Task item:
Word for word, reproduce the data that follows.

------ Study material

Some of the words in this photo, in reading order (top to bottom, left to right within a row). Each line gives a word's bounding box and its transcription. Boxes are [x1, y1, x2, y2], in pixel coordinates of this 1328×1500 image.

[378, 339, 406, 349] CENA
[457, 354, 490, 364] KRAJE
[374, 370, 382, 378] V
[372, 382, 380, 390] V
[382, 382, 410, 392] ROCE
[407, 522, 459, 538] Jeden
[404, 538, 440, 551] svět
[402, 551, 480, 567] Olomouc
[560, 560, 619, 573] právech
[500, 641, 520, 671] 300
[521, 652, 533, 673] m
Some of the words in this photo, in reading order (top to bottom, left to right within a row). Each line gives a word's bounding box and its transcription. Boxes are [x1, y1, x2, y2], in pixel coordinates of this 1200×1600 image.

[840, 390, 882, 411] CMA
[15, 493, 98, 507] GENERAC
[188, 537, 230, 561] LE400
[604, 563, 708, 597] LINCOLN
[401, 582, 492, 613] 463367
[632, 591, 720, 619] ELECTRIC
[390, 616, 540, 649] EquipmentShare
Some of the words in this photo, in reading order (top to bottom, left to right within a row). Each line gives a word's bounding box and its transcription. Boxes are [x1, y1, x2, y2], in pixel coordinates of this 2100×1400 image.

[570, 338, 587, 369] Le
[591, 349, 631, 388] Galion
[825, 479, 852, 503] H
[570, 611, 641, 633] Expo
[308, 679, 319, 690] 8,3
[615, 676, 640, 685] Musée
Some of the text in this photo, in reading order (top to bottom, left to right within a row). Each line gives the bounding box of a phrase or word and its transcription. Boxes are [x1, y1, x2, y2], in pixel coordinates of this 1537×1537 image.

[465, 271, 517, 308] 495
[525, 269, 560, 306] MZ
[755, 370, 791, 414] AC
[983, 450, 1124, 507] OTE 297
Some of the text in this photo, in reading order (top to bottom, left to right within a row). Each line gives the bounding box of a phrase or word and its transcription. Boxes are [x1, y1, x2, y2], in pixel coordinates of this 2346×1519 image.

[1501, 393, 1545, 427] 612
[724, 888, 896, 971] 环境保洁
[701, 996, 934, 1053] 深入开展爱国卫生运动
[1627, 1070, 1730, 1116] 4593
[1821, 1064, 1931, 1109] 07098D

------------

Exercise answer:
Some of the words in this photo, in reading order (top to bottom, left to right within a row). Each line gives a word's bounding box and its transcription. Boxes are [x1, y1, x2, y2], in pixel coordinates of this 1328×1500 image.

[378, 339, 406, 349] CENA
[457, 354, 490, 364] KRAJE
[374, 370, 382, 378] V
[372, 382, 380, 390] V
[382, 382, 410, 392] ROCE
[407, 522, 459, 538] Jeden
[404, 538, 440, 551] svět
[402, 551, 480, 567] Olomouc
[560, 560, 619, 573] právech
[500, 641, 520, 671] 300
[521, 652, 533, 673] m
Some of the words in this photo, in reading order (top to bottom, left to right within a row). Each line gives a word's bounding box and its transcription. Boxes are [x1, y1, x2, y2], in pixel coordinates of this 1200×1600 image.

[840, 390, 882, 411] CMA
[15, 493, 98, 507] GENERAC
[188, 537, 230, 561] LE400
[604, 563, 708, 597] LINCOLN
[401, 582, 492, 613] 463367
[632, 591, 720, 619] ELECTRIC
[390, 616, 540, 649] EquipmentShare
Some of the words in this photo, in reading order (top to bottom, left to right within a row). Each line gives a word's bounding box and its transcription. Boxes are [x1, y1, x2, y2], in pixel coordinates of this 2100×1400 image.

[570, 338, 587, 369] Le
[591, 349, 631, 388] Galion
[825, 479, 852, 503] H
[570, 611, 641, 633] Expo
[308, 679, 319, 690] 8,3
[615, 676, 640, 685] Musée
Some of the text in this photo, in reading order (top to bottom, left to right within a row). Each line gives the bounding box of a phrase or word and its transcription. Boxes are [x1, y1, x2, y2], in pixel coordinates of this 1537×1537 image.

[465, 271, 517, 308] 495
[525, 269, 560, 306] MZ
[755, 370, 791, 414] AC
[983, 450, 1124, 507] OTE 297
Some of the text in this photo, in reading order (top to bottom, left to right within a row). Each line gives the bounding box of a phrase or word and its transcription. Boxes are [x1, y1, x2, y2], in pixel coordinates of this 2346×1519 image.

[1501, 393, 1545, 427] 612
[724, 888, 896, 971] 环境保洁
[701, 996, 934, 1053] 深入开展爱国卫生运动
[1627, 1070, 1730, 1116] 4593
[1821, 1064, 1931, 1109] 07098D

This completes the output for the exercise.